As this sacred day began, we read from the book known as Eichah.  I caution anyone who chooses to read it to be prepared, as this book is sad on levels we don’t often reach.  It speaks of death and destruction, the famine and sorrow that follows it, and the physical and emotional devastation that was what the life of the Jewish people had become following the Temple’s destruction.  It is said that the second Temple was destroyed because of what is known as Sinat Chinam, baseless hatred.  To put it in other terms, one Jew turning on another.  As I read the English translation of Eicha I found it striking that this particularly book almost reads like a scolding of God for letting this happen, or even worse causing this to happen.  Not unlike the feeling of some Jews who ask, if there is a God how could he allow 6 million Jews to be murdered, what we read on Tisha B’Av clearly proclaims an anger and disappointment towards an understood to be all powerful being that did not use that power to prevent Jewish suffering.

The change in attitude that exists in generations to follow, coupled with the analysis and understanding of the time, has lead the Jewish people to a paradigm shift in which it went from blaming God to accepting blame for our own actions that brought this misery upon us.  The sadness is still accepted and understood, and although a challenge so many generations later, still recognized and felt by so many.

But it is not enough to feel it.  It must also be a motivation for us not to be guilty of that same transgression, and although the purpose of this piece is not to repeat what we have heard so often, I will digress momentarily to address that issue by simply saying the following.

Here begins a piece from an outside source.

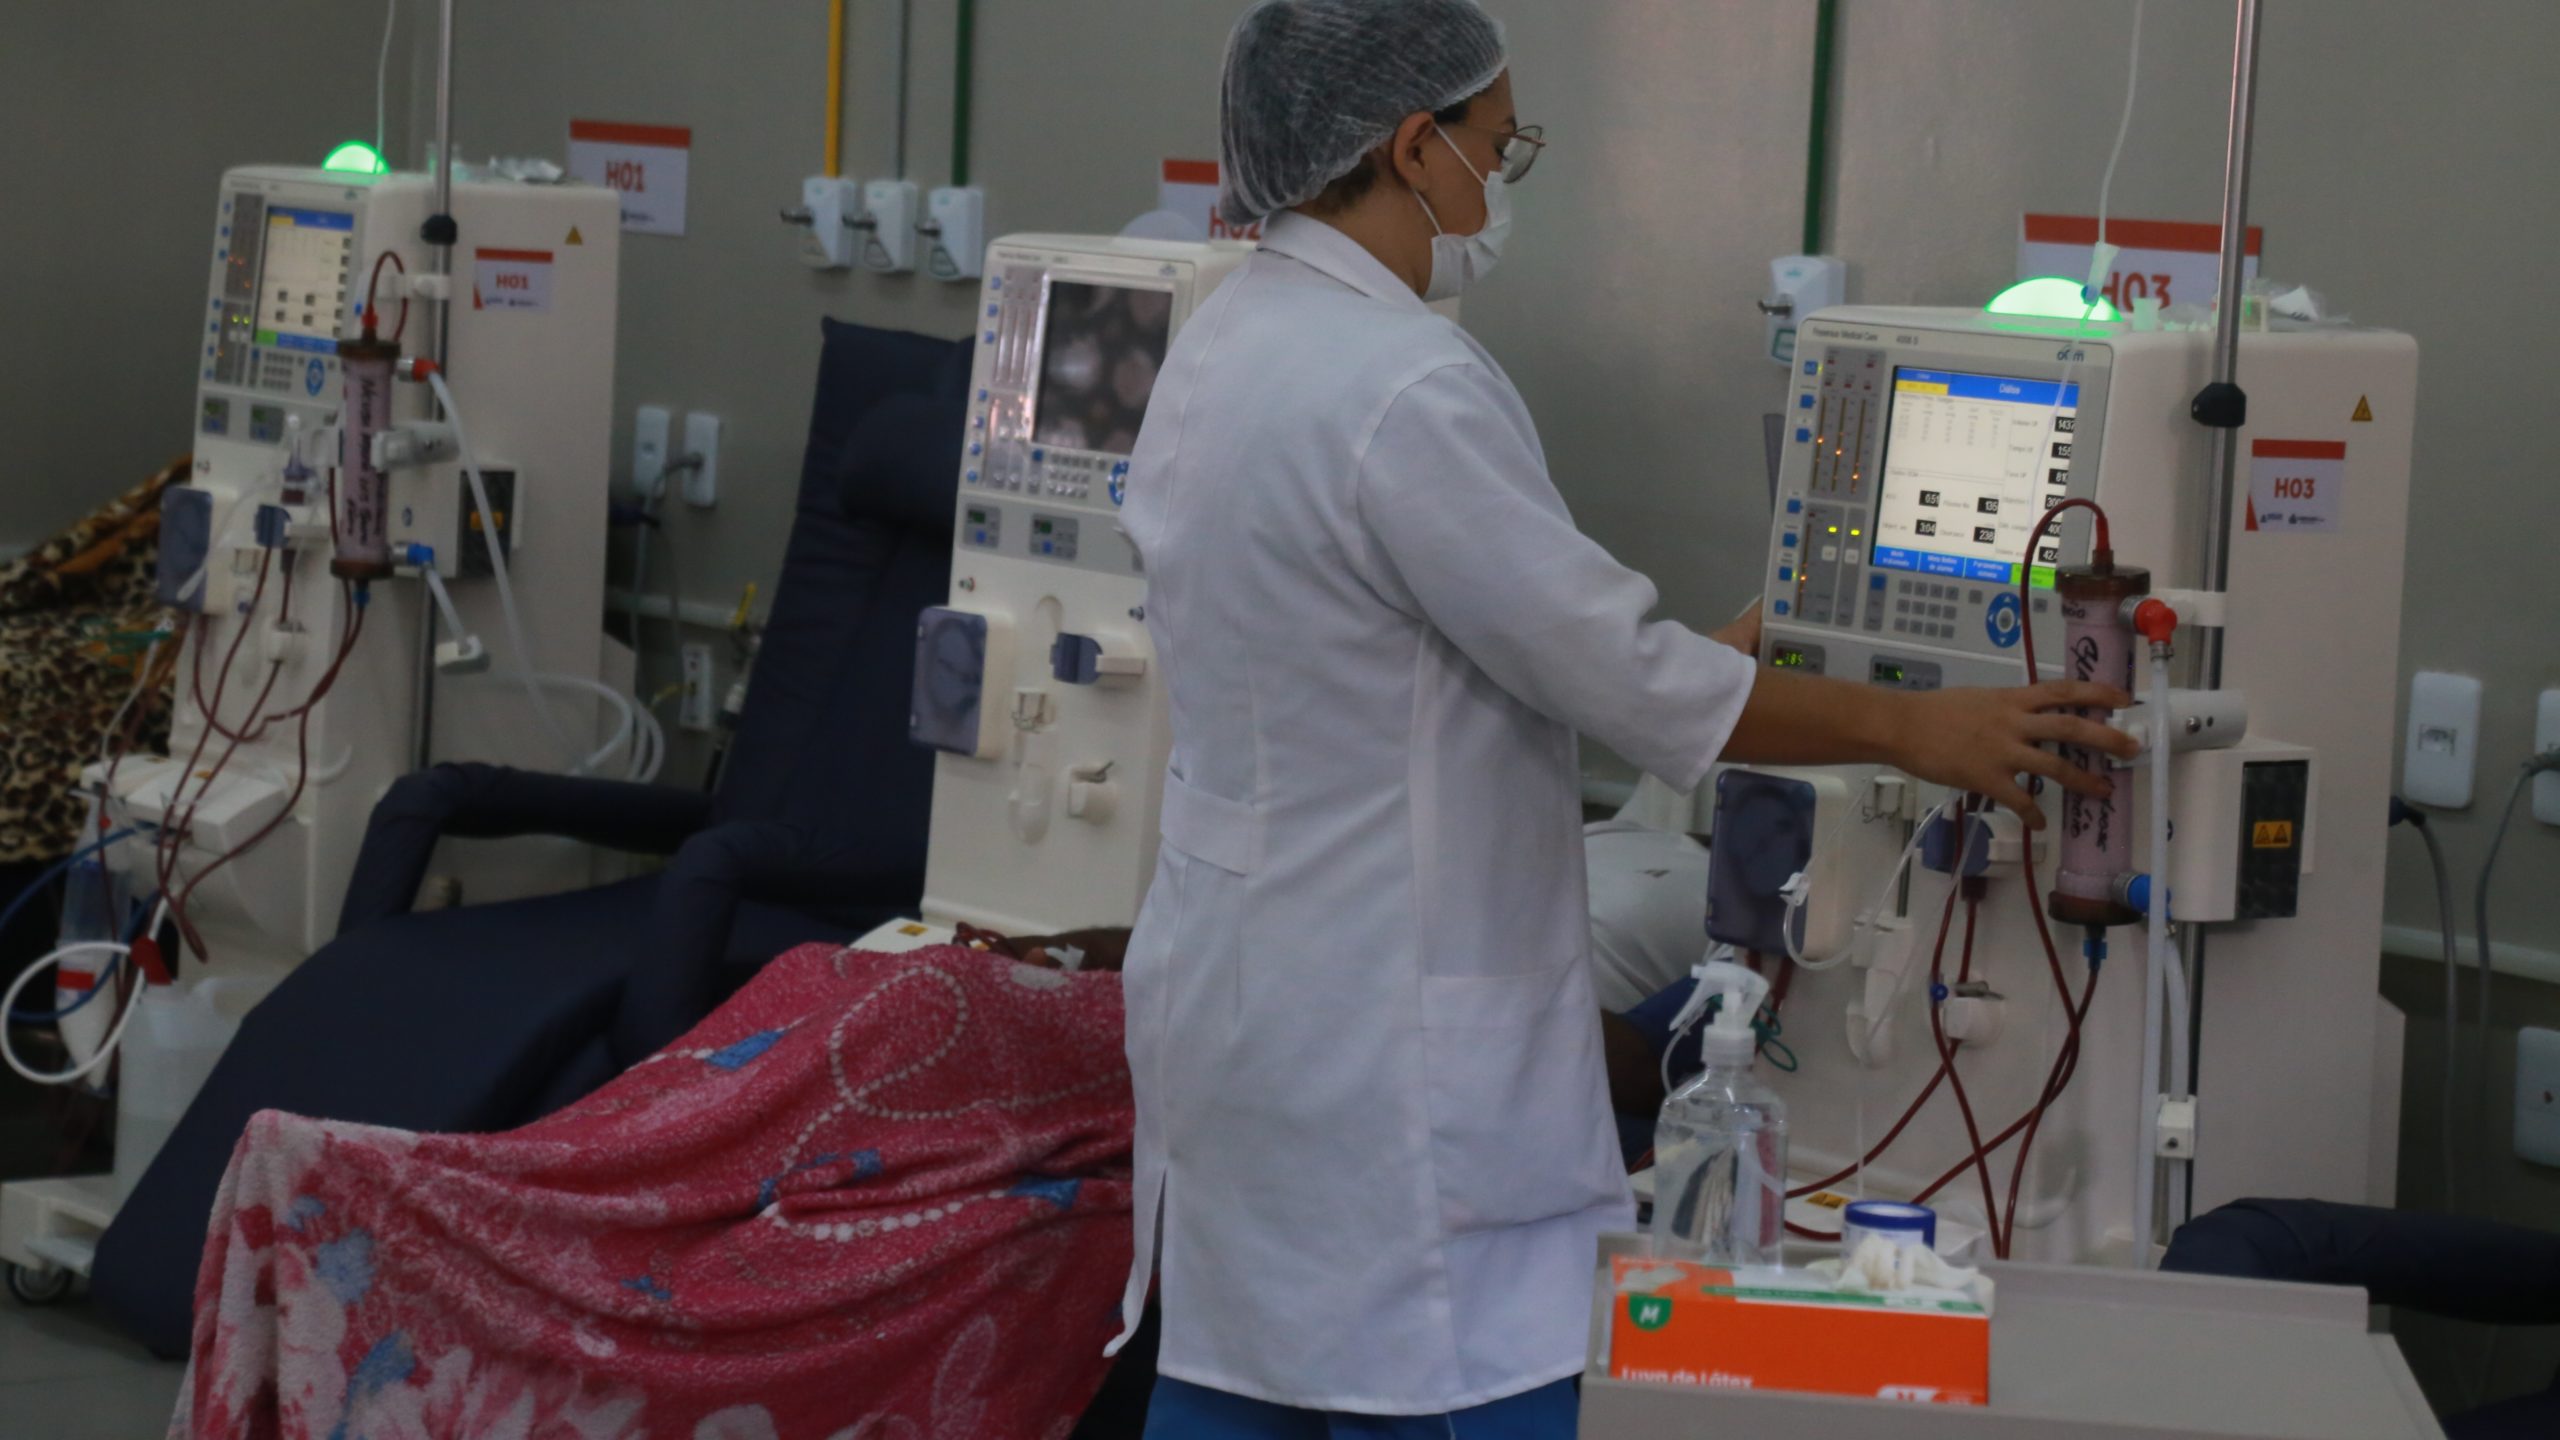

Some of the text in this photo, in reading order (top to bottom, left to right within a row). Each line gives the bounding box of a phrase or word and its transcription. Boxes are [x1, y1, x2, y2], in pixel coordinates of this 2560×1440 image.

God’s commandment to love thy neighbor as thyself does not come with special clauses.  It is not presented with exceptions.  Yes you must defend yourself against your enemy, but that does not imply that your enemy is someone with a different opinion than the one that you have, even if you find that opinion to be alarmingly ignorant or even dangerous.  Love thy neighbor as thyself is not followed by the words, unless it is really difficult.  On the contrary.  It is written to remind you to do so even when it is most difficult.  So next time you are presented with the challenge of hating the words of a brother or sister, simply remember to attack the message, not the messenger.  Rabbi Abraham Isaac Kook, first Chief Rabbi of Israel once wrote that if the Temple was destroyed and the Jewish people were scattered because of baseless hatred, the Jewish people will come together and rebuild the Temple because of baseless love.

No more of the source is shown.